• **WORK REQUIRED**
Reproduce the data below in full and to the letter, images excepted.

=== DATA RECORDS ===

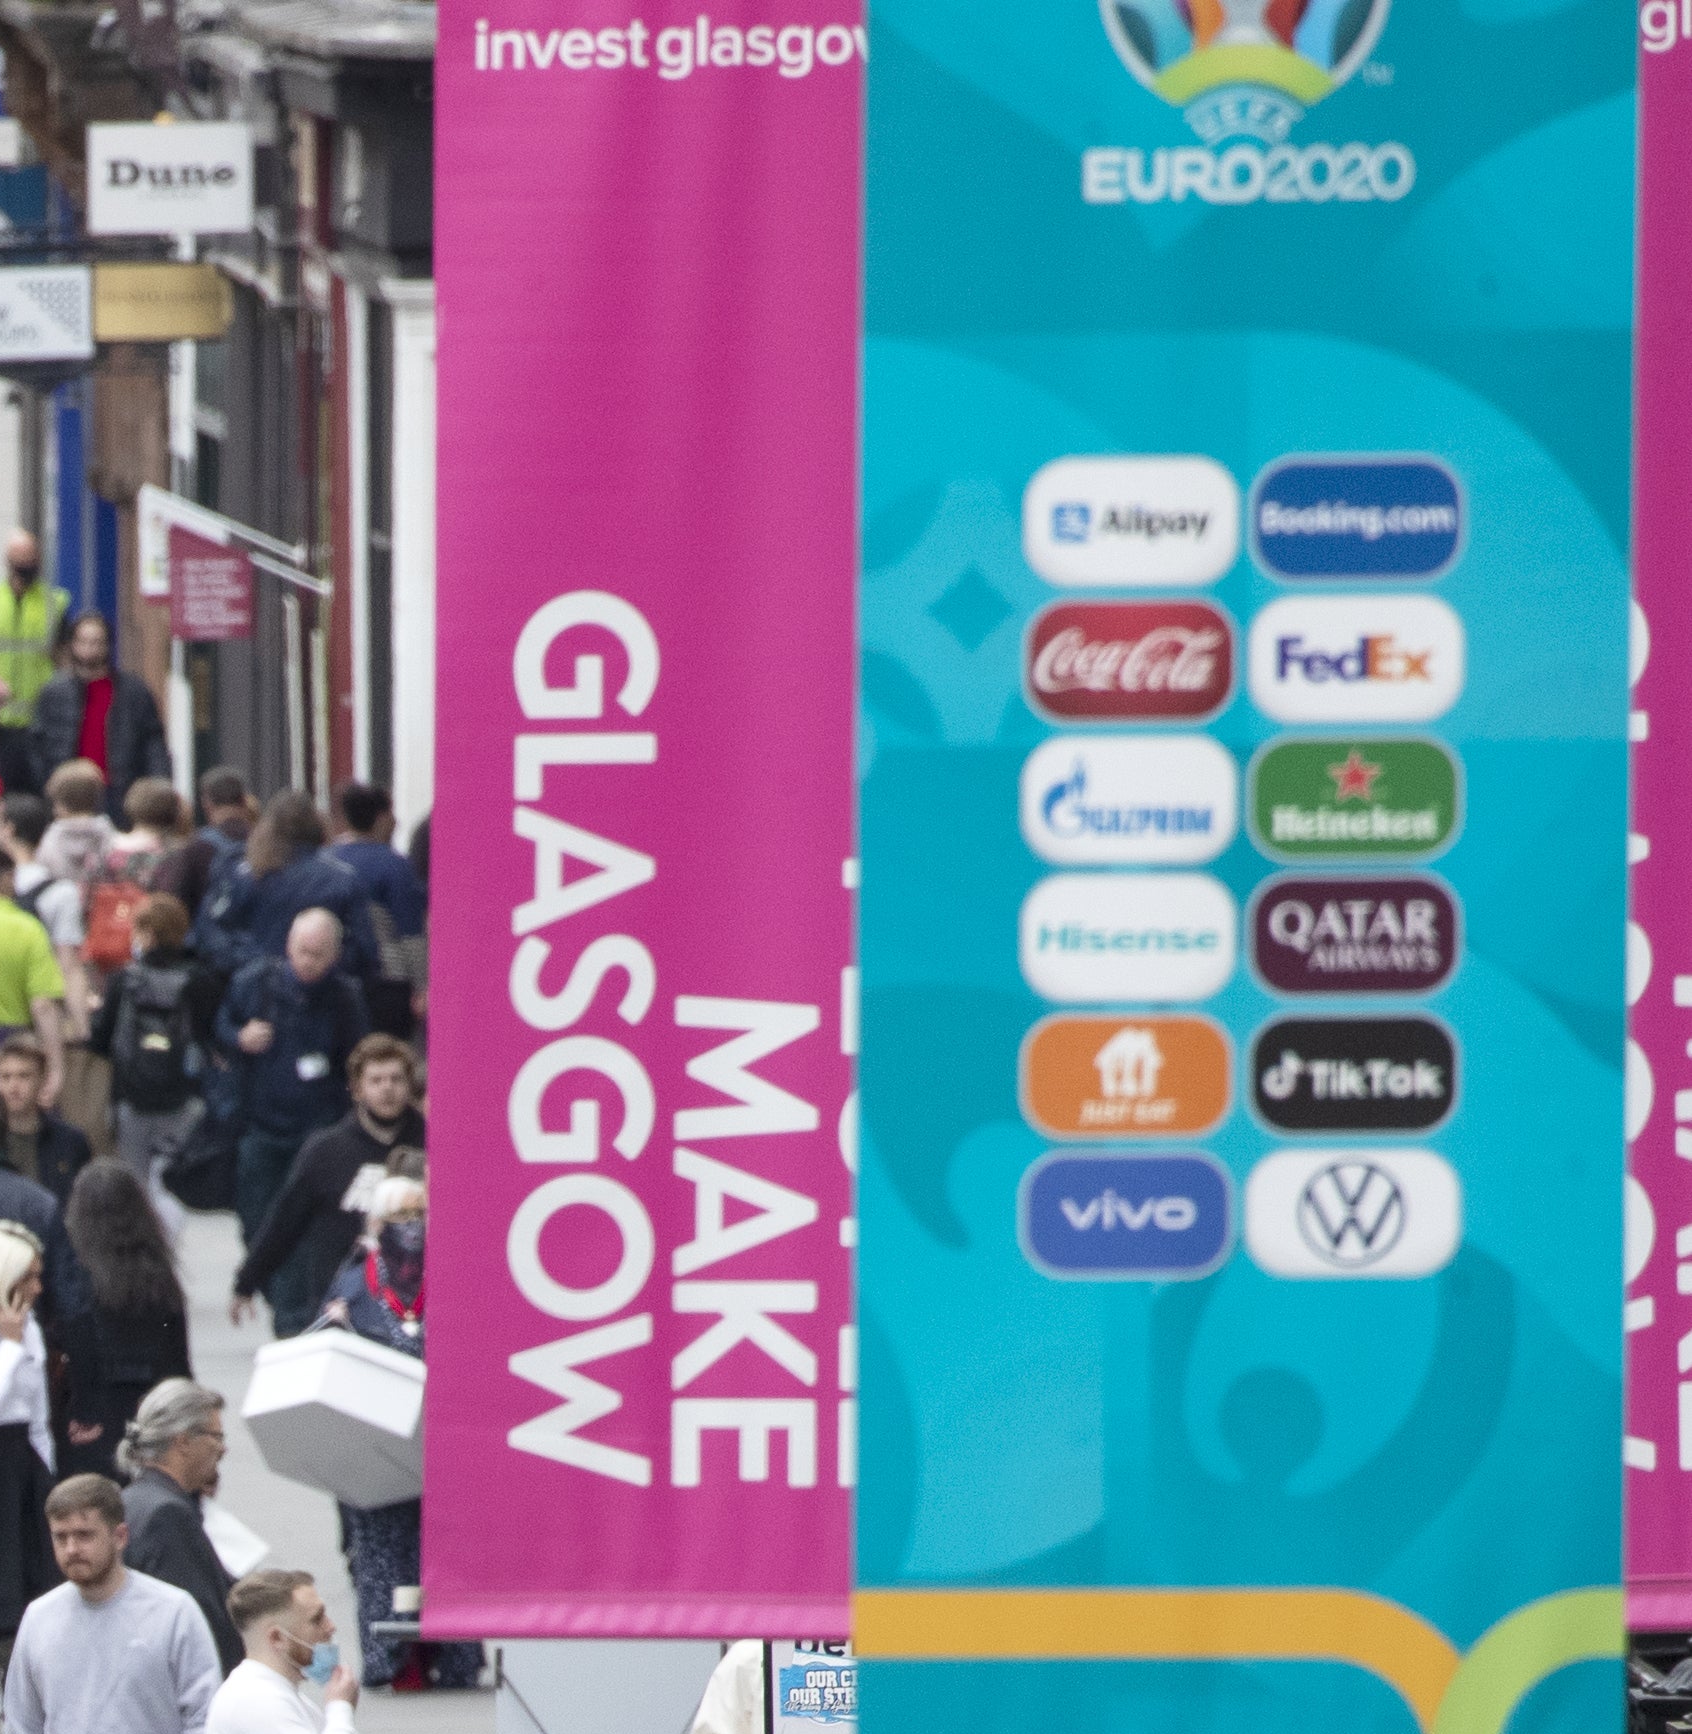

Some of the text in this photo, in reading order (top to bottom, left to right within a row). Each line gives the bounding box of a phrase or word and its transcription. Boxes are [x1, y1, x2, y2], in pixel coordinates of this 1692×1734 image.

[474, 18, 650, 71] invest
[107, 159, 236, 188] Dune
[1101, 504, 1210, 539] Alipay
[1261, 501, 1454, 542] Booking.com
[1276, 634, 1432, 683] FedEx
[1272, 802, 1438, 841] Heineken
[1038, 921, 1220, 953] Hisense
[1269, 900, 1438, 953] QATAR
[1308, 946, 1441, 973] AIRWAYS
[507, 588, 661, 1487] GLASGOW
[1308, 1057, 1444, 1100] TikTok
[1060, 1188, 1198, 1231] vivo
[670, 995, 820, 1488] MAKE
[789, 1688, 821, 1705] OUR
[806, 1670, 838, 1687] OUR
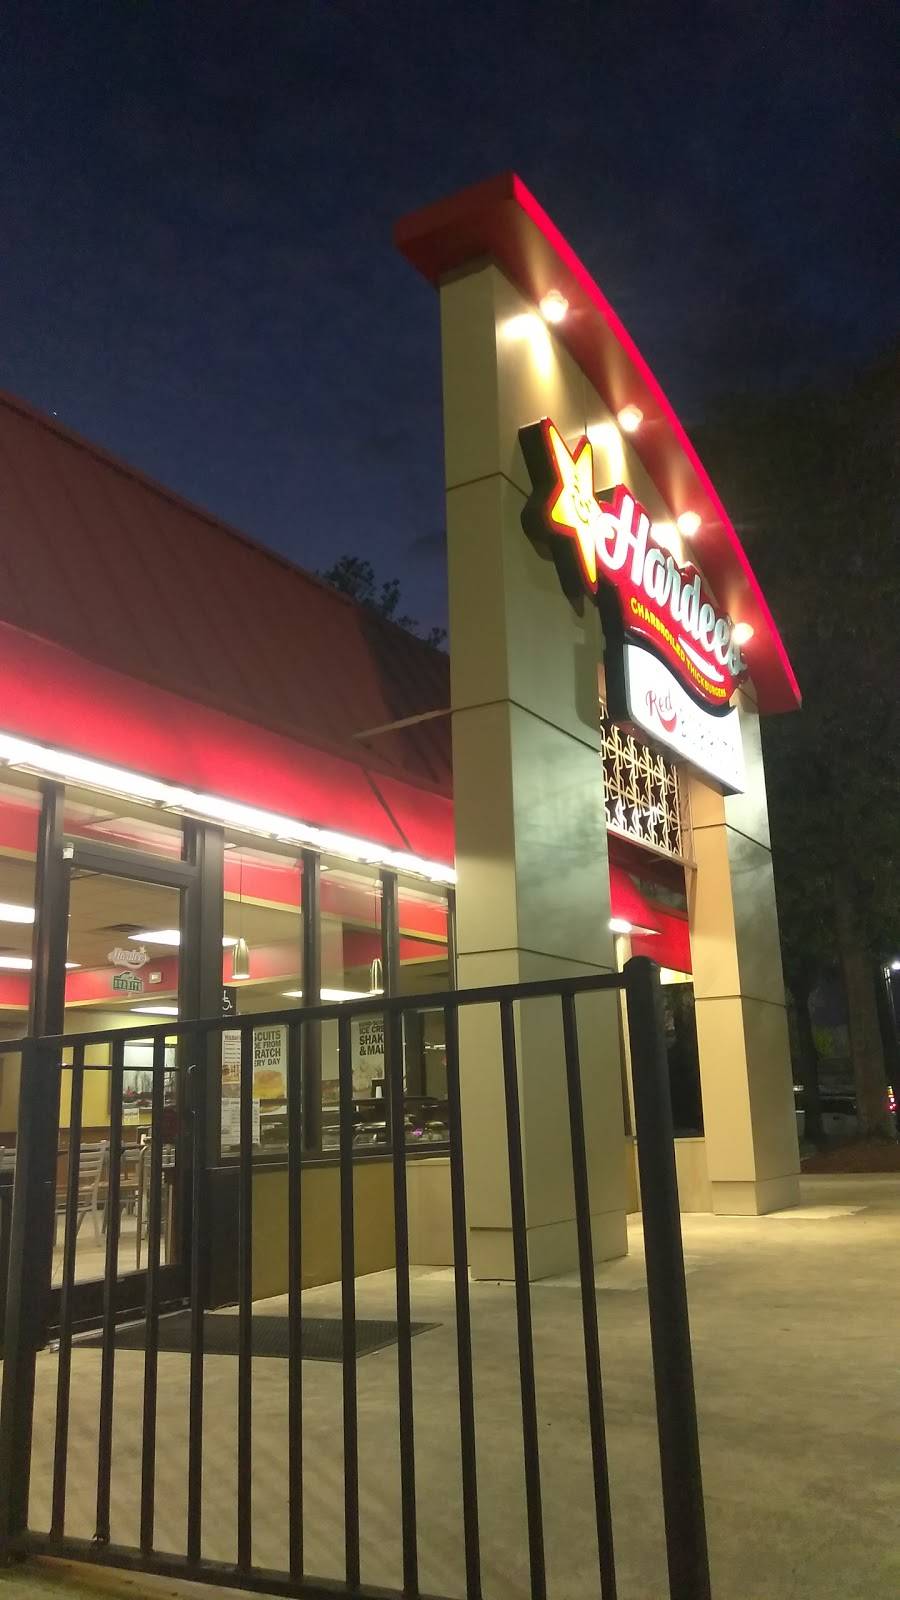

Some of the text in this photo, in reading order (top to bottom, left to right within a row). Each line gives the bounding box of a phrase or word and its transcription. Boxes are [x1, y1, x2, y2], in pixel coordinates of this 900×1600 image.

[595, 494, 746, 676] Hardee's
[630, 597, 686, 662] CHARBROILED
[645, 688, 676, 727] Red
[263, 1040, 281, 1049] FROM
[359, 1045, 366, 1056] &
[267, 1058, 281, 1066] DAY
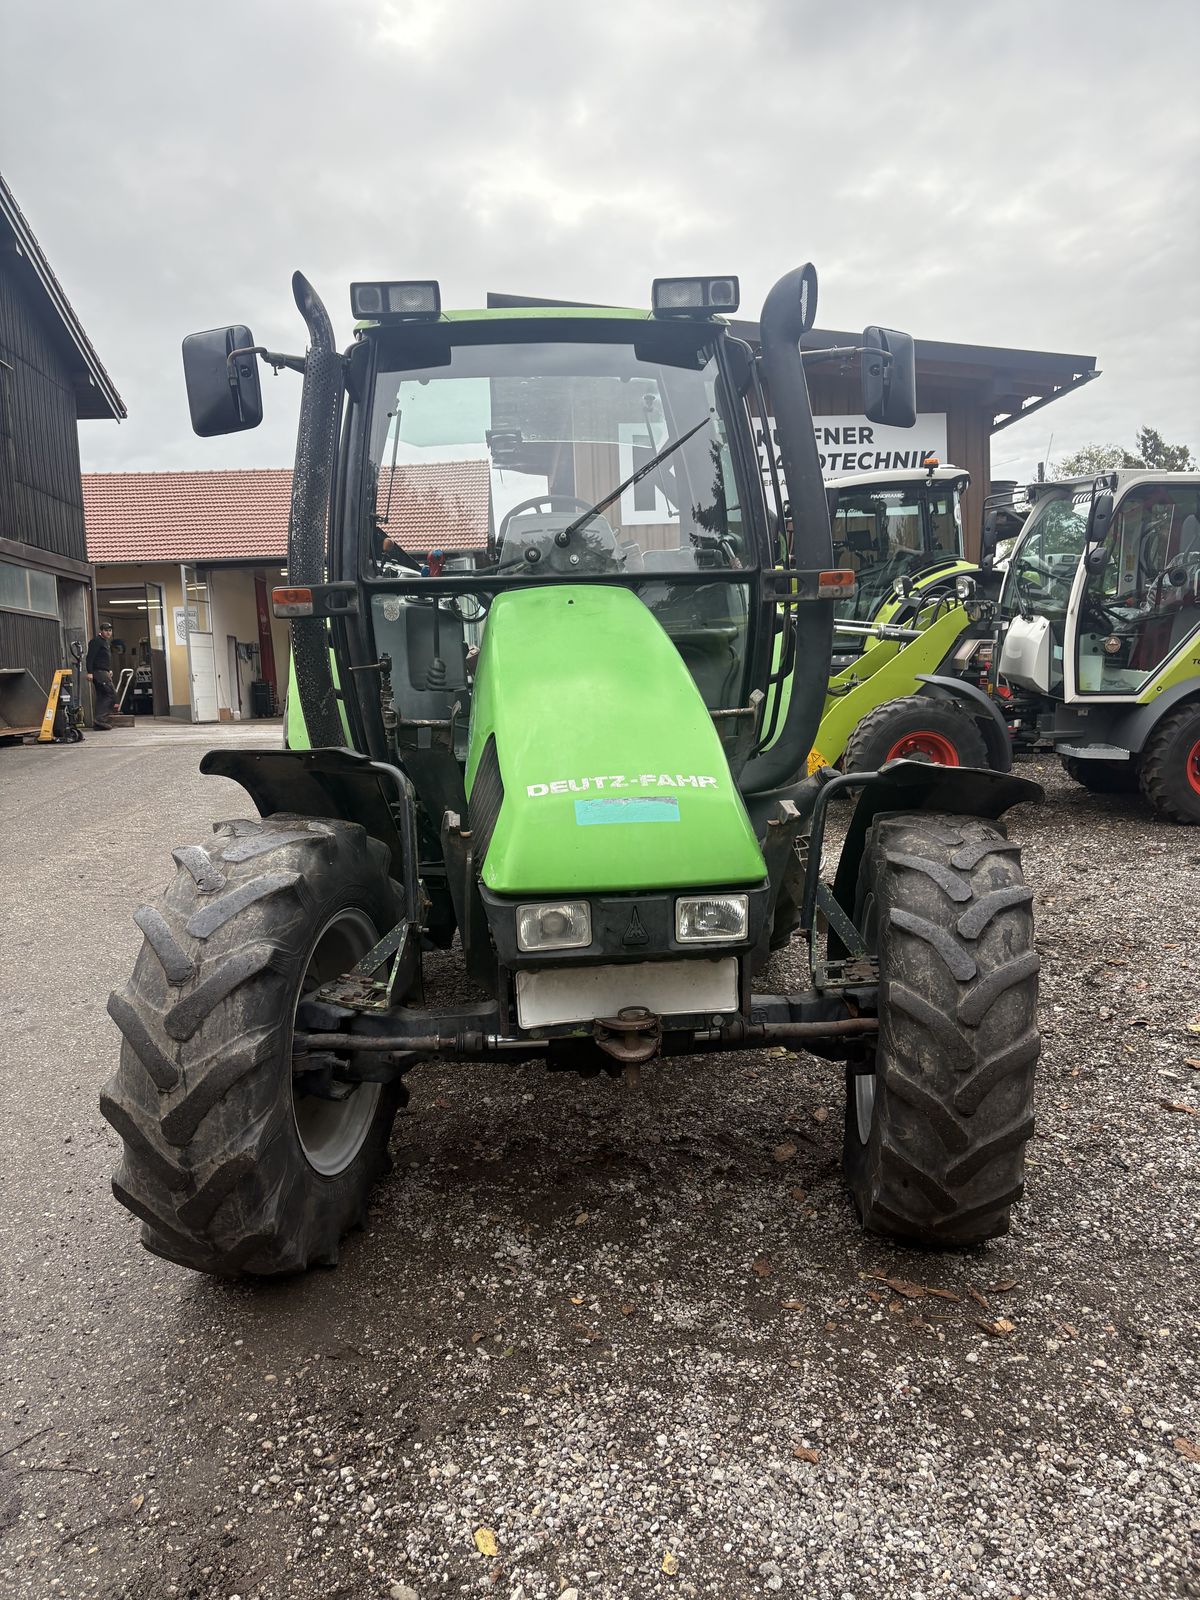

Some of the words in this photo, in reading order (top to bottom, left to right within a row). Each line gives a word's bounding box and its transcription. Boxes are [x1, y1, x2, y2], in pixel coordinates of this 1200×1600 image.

[759, 450, 936, 473] LTECHNIK
[870, 492, 905, 500] PANORAMIC
[527, 774, 719, 798] DEUTZ-FAHR

===

• **FINAL ANSWER**
Some of the text in this photo, in reading order (top to bottom, left to right within a row). Each line gives the bounding box of a phrase or word and its transcription. Boxes are [x1, y1, x2, y2], in pixel coordinates of this 1692×1734 image.

[474, 18, 650, 71] invest
[107, 159, 236, 188] Dune
[1101, 504, 1210, 539] Alipay
[1261, 501, 1454, 542] Booking.com
[1276, 634, 1432, 683] FedEx
[1272, 802, 1438, 841] Heineken
[1038, 921, 1220, 953] Hisense
[1269, 900, 1438, 953] QATAR
[1308, 946, 1441, 973] AIRWAYS
[507, 588, 661, 1487] GLASGOW
[1308, 1057, 1444, 1100] TikTok
[1060, 1188, 1198, 1231] vivo
[670, 995, 820, 1488] MAKE
[789, 1688, 821, 1705] OUR
[806, 1670, 838, 1687] OUR

Some of the text in this photo, in reading order (top to bottom, left to right within a row). Each line gives the bounding box of a phrase or word and its transcription. Boxes are [x1, y1, x2, y2], in pixel coordinates of this 900×1600 image.

[595, 494, 746, 676] Hardee's
[630, 597, 686, 662] CHARBROILED
[645, 688, 676, 727] Red
[263, 1040, 281, 1049] FROM
[359, 1045, 366, 1056] &
[267, 1058, 281, 1066] DAY

Some of the words in this photo, in reading order (top to bottom, left to right within a row). Each line gives a word's bounding box and its transcription. Boxes are [x1, y1, x2, y2], in pixel coordinates of this 1200×1600 image.

[759, 450, 936, 473] LTECHNIK
[870, 492, 905, 500] PANORAMIC
[527, 774, 719, 798] DEUTZ-FAHR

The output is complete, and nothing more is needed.